"They need a way out basically, so risking your life to get out is one thing. We need a safe way to get out," she said.
"Many of the surrounding countries have closed their borders.
"As a community we are telling our families back home to get out, but when they get out, they cannot register with the United Nations due to the overwhelming numbers.
"There's no support and there's no guarantee they can get a refugee visa and get to Australia."
One such group are the Australian-Syrian Orthodox families in western Sydney.
The Tantak family fled Aleppo in Syria two years ago due to the persecution of Christians by groups such as Islamic State (IS).
Daughter Rosine Tantak, 22, said the family fled to Jordan initially and then Australia less than a year ago.
"One day we were sitting at home with my grandmother as well. It was my brother's birthday. A group of terrorists attacked our home," she said.
"They started to shoot all the Christian photos and threaten us."
Her brother, Boulos Tantak, now 21, said the men told them they had to leave the country.
"You are Christian, you have to leave Syria because it is an Islamic state.

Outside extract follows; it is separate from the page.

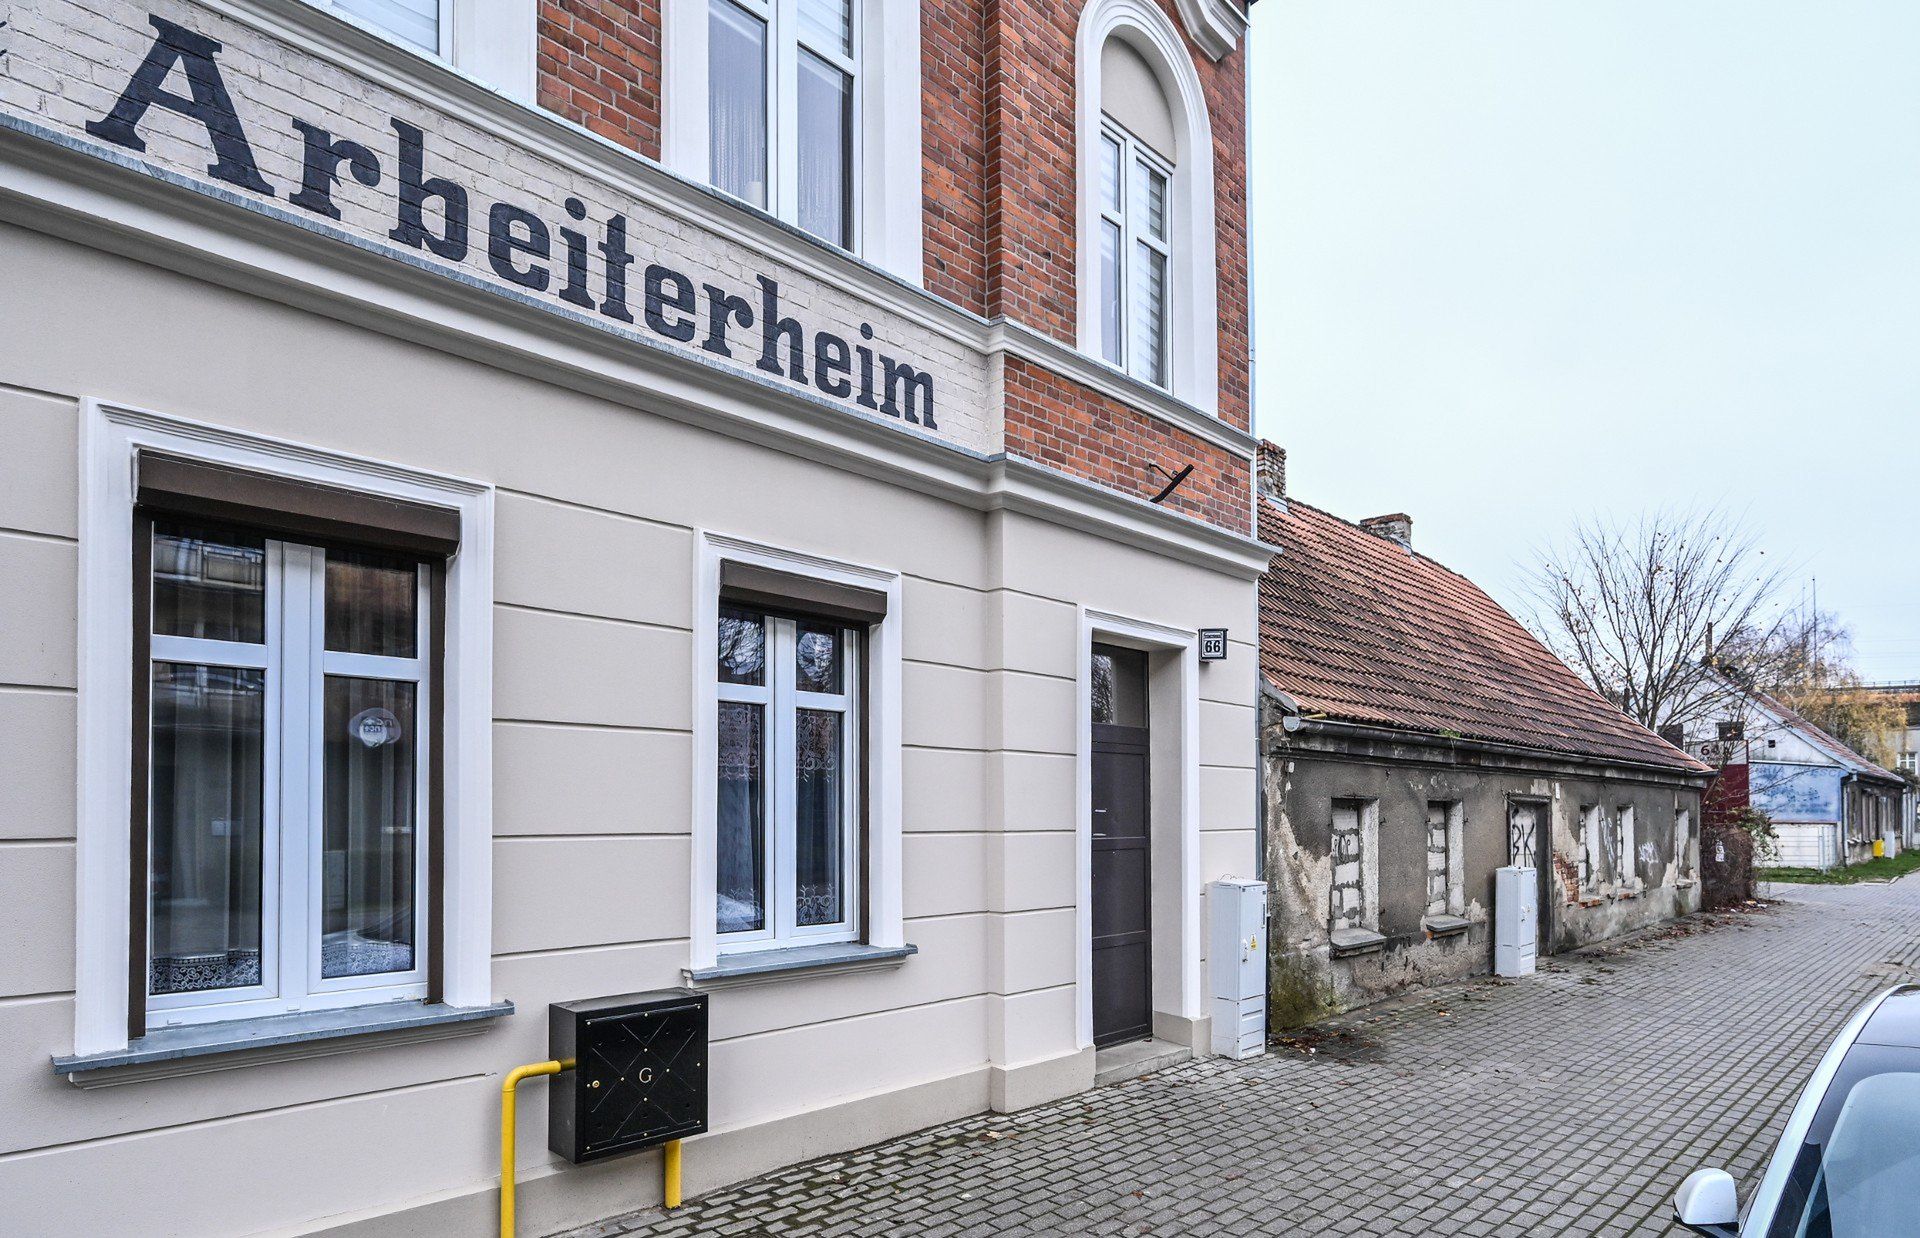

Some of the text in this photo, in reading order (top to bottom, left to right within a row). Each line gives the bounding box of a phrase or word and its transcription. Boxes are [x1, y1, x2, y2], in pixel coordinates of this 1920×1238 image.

[86, 13, 938, 430] Arbeiterheim
[1205, 640, 1221, 653] 66
[638, 1067, 653, 1084] G

You can't be in Syria anymore," he recalled them saying.
Rosine said the women in the family had to wear hijabs, or the Islamic head scarf to get through the checkpoints on the bus to Jordan.

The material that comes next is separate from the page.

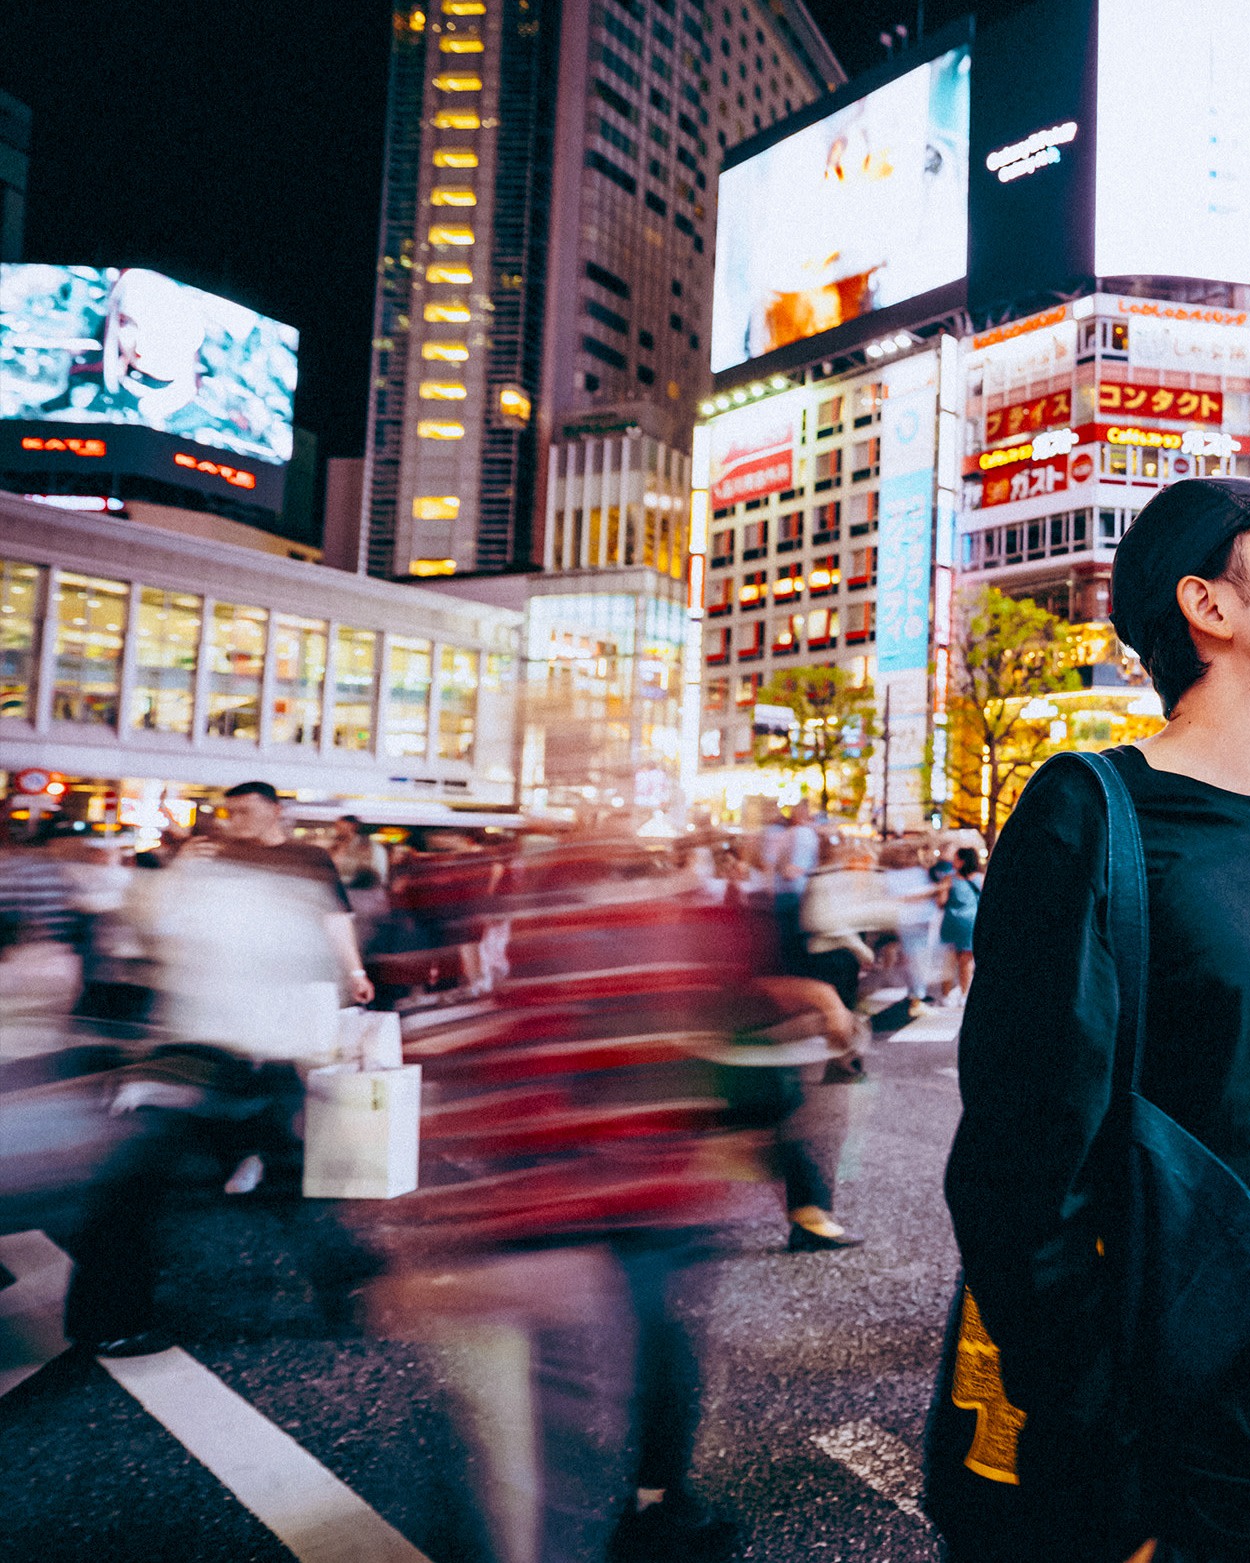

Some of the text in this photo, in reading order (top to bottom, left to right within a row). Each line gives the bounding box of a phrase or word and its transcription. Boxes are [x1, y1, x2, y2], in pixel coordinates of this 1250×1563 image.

[1099, 384, 1219, 417] コンタクト
[1010, 464, 1066, 501] ガスト

Aunt Naima Assaf, an Australian citizen of 25 years, said she managed to sponsor the family out to Australia.
She said now the family was worried about her sister-in-law and two nieces who managed to flee to neighbouring Turkey, but were stuck in a town in the south-east called Mardin.
"My younger brother was shot by terrorists in Aleppo when he went out to get bread, leaving my sister-in-law as a widow," Ms Assaf said...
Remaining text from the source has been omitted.